Throughout the games missions, gamers get the chance to play one of four Allied soldiers; American, British, Canadian and Polish starting with the Americans in Normandy.
As before, the action takes place in the first person and Activision haven't messed around with the games gameplay or style. Call of Duty fans will be pleased to see that the game still aims at getting you so immersed in the gameplay that you'll always want more.
Take the opening level for example, no sooner have you learnt how to use a rifle, you are working your way through a shelled city instructing tanks where to shoot to take out the machine gun nests in the loft apartments. Brilliant.
New to Call of Duty 3 is close quarter battle feature that allows you to fight it out hand-to-hand with the enemy rather than merely filling them with bullets. It certainly brings a break and a bit of button slapping to the game, however we found in most cases, given a split second decision, stepping back a couple of paces and then unloading a clip into them was a more effective route.
Although developed by Activision, Microsoft, the makers of the Xbox 360, is already touting Call of Duty 3 as a second generation next generation title and you can see why. Fans of the previous outing on the Xbox 360 won't be disappointed.
Graphics are still top notch and as before the sound really does immerse you in all the action. We especially like Call of Duty's classic slow motion effect when you find yourself being near a large explosion at the wrong time. Everything goes fuzzy, the noise dims and it's hard to move quickly.
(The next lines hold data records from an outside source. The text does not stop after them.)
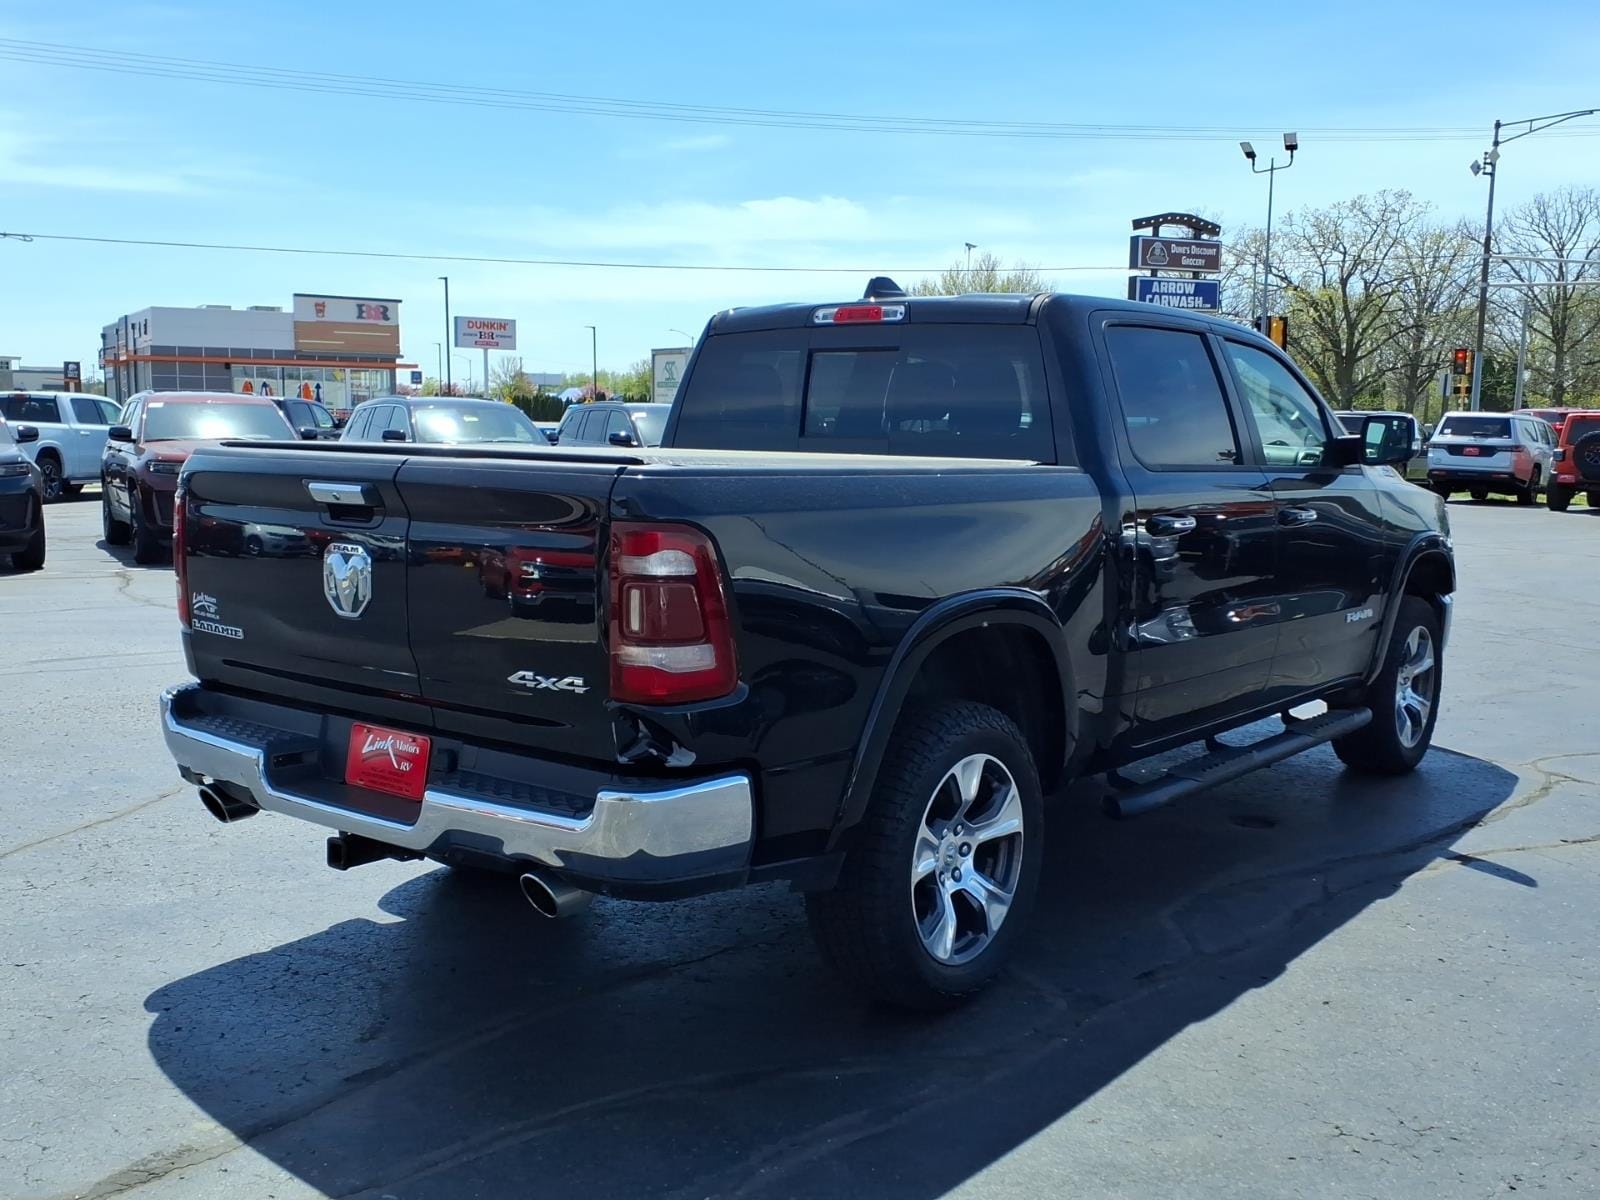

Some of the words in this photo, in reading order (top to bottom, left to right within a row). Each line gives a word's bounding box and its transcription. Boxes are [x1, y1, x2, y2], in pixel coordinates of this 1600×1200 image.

[1190, 245, 1217, 256] DISCOUNT
[1181, 256, 1206, 266] GROCERY
[1151, 281, 1196, 294] ARROW
[467, 320, 509, 331] DUNKIN'
[333, 544, 359, 552] RAM
[192, 618, 245, 639] LARAMIE
[361, 734, 398, 769] Link
[396, 739, 420, 754] Motors
[400, 761, 413, 772] RV
Grumbles? Well although according to Activision there are "Plenty of attack routes that let players decide how to confront the enemy" we found in most cases while the scenery and mission structure gives the impression of being vast, more often than not you are tied down to thin corridors of movement and a very linear path through the levels.
While previous war games like Hidden and Dangerous gave you complete reign of the level, Call of Duty isn't so giving. Of course the upside is that you can't get lost, nor do you have hours trying to work out where to go next, but it is something to bear in mind. If the programmers don't want to you take out a machine gun nest from the left then trust us, you won't be able to.
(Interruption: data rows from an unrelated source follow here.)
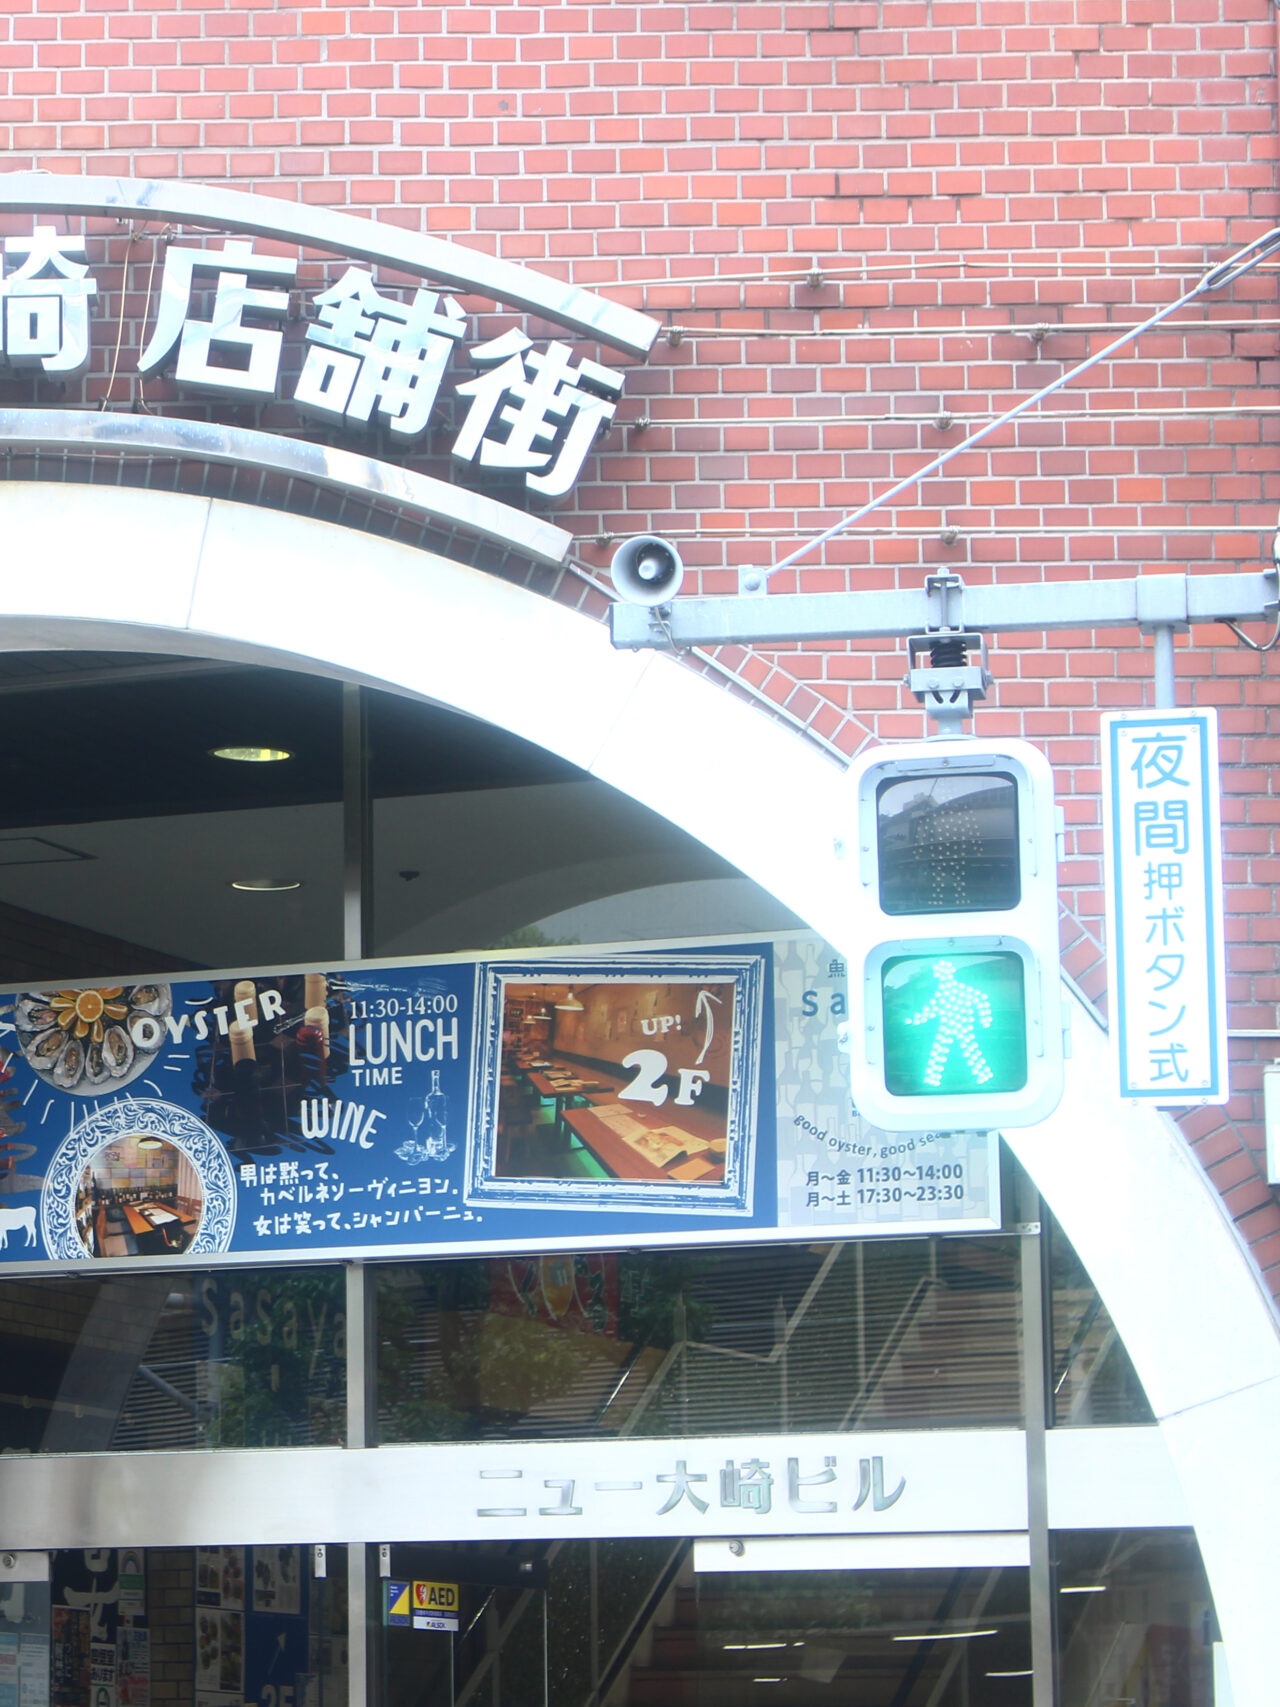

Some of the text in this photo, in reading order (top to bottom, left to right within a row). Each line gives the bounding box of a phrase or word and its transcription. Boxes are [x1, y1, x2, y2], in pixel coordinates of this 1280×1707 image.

[1131, 733, 1191, 1084] 夜間押ボタン式
[131, 989, 286, 1049] OYSTER
[349, 993, 458, 1019] 11:30-14:00
[349, 1017, 459, 1066] LUNCH
[641, 1015, 682, 1036] UP!
[352, 1066, 403, 1087] TIME
[620, 1049, 710, 1106] 2F
[300, 1097, 387, 1149] WINE
[794, 1114, 827, 1142] good
[828, 1137, 879, 1159] oyster,
[880, 1141, 916, 1159] good
[240, 1161, 339, 1188] 男は黙って、
[260, 1177, 458, 1206] カベルネソーヴィニヨン。
[252, 1206, 483, 1236] 女は笑って、シャンパーニュ。
[477, 1455, 906, 1517] ニュー大崎ビル
[428, 1587, 455, 1607] AED
Call of Duty 3's main focus is of course the single player missions, however with Xbox Live the game offers a massive online element that will see the game last you well past the first month of purchase.
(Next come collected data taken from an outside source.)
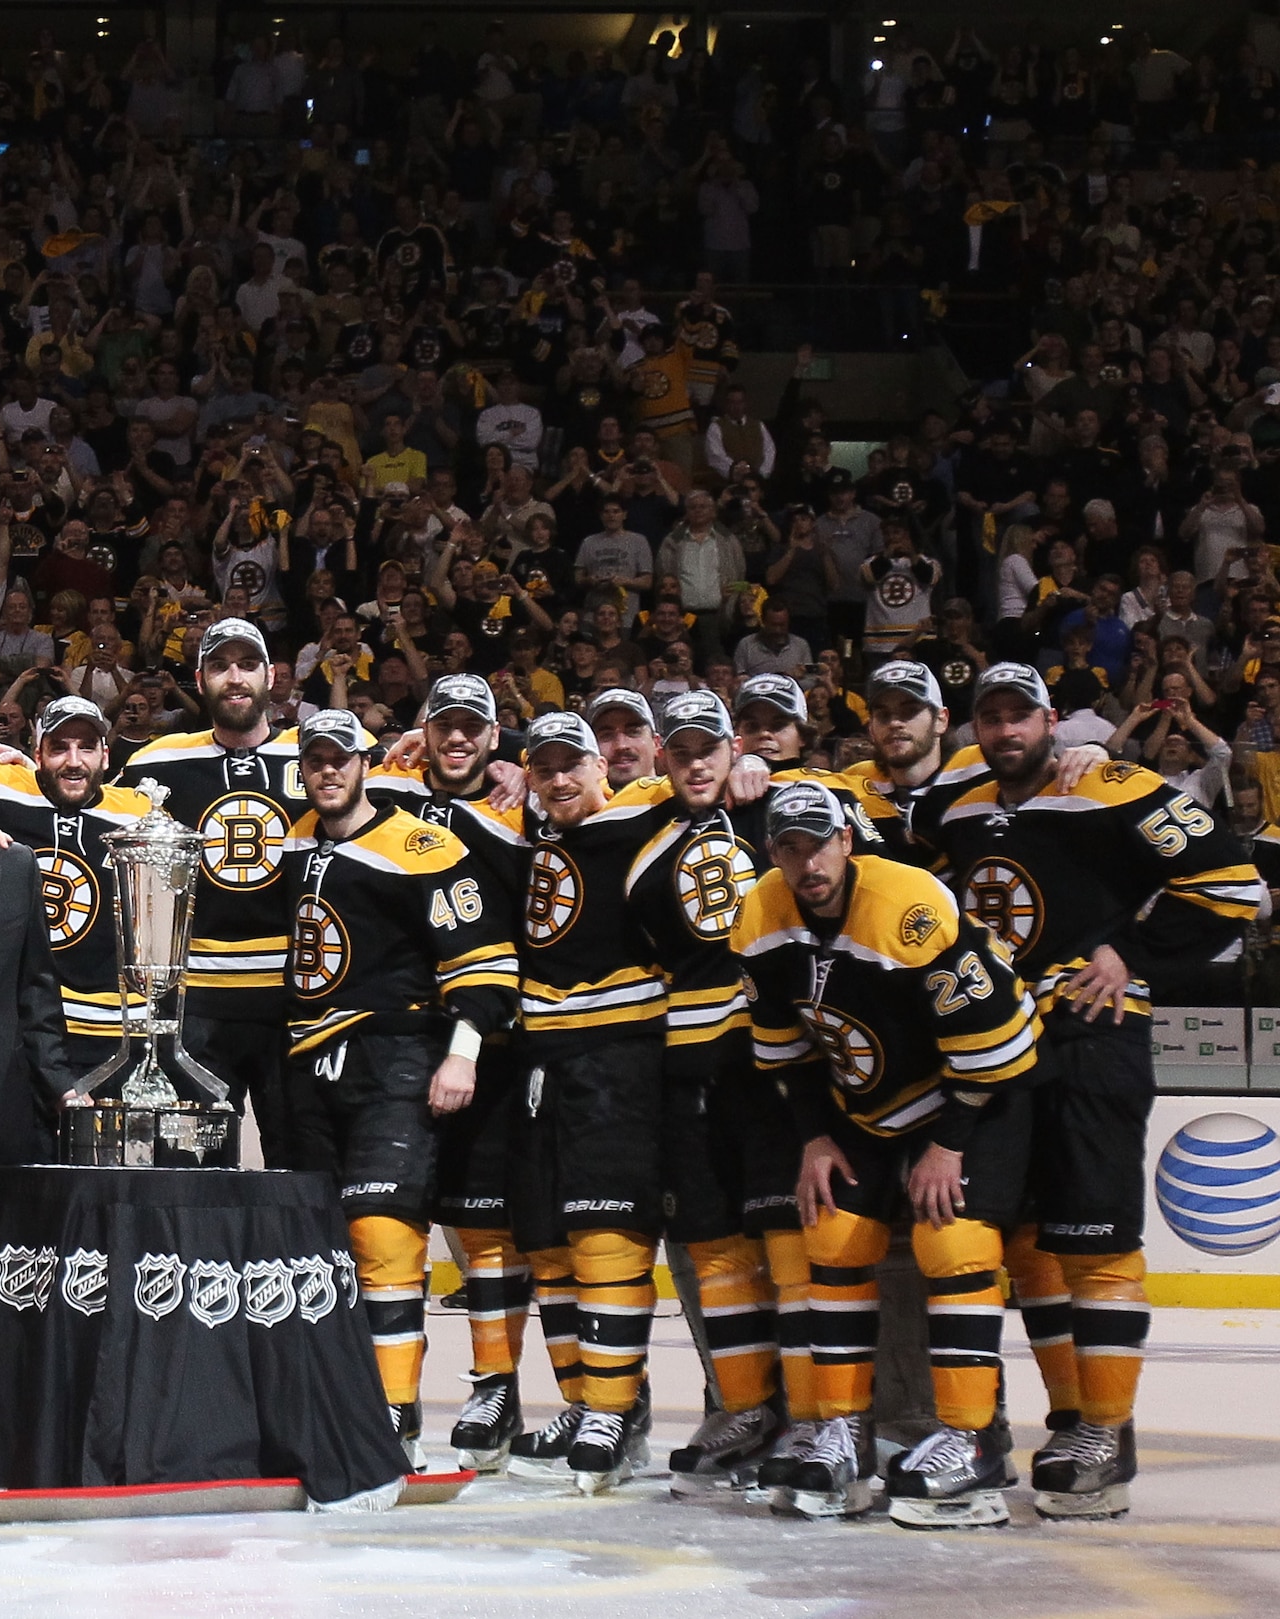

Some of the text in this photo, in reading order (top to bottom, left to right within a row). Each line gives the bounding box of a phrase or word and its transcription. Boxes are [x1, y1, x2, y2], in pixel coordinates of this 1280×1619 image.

[222, 815, 266, 868] B
[1138, 793, 1214, 857] 55
[40, 870, 75, 928] B
[429, 878, 483, 931] 46
[528, 864, 559, 925] B
[691, 855, 740, 920] B
[295, 918, 323, 976] B
[904, 907, 933, 939] BRUINS
[926, 951, 994, 1016] 23
[563, 1198, 635, 1213] BAUER
[77, 1271, 107, 1297] NHL
[148, 1273, 174, 1301] NHL
[199, 1280, 226, 1308] NHL
[253, 1279, 281, 1308] NHL
[299, 1277, 322, 1305] NHL
Team based online play includes up to 24 players battling it out online with the option of single or split-screen internet play while gamers have the choice to play as infantry or commandeer multiple occupancy vehicles, including tanks, jeeps, and motorcycles with side-cars. The game also includes class specific abilities, and a ranking system.
There is no doubting that Call of Duty 3 is a great game with plenty both in the single player and multiplayer to keep any hardened first person shooter fan who has a penchant for World War II games happy for the next couple of months.
For fans who've played Call of Duty 2 for the last year, this is a logical progression, although you aren't going to find anything ground breaking above and beyond what you are used to.
The only thing stopping Call of Duty being the first choice shooter on the Xbox 360 this Christmas is Gears of War.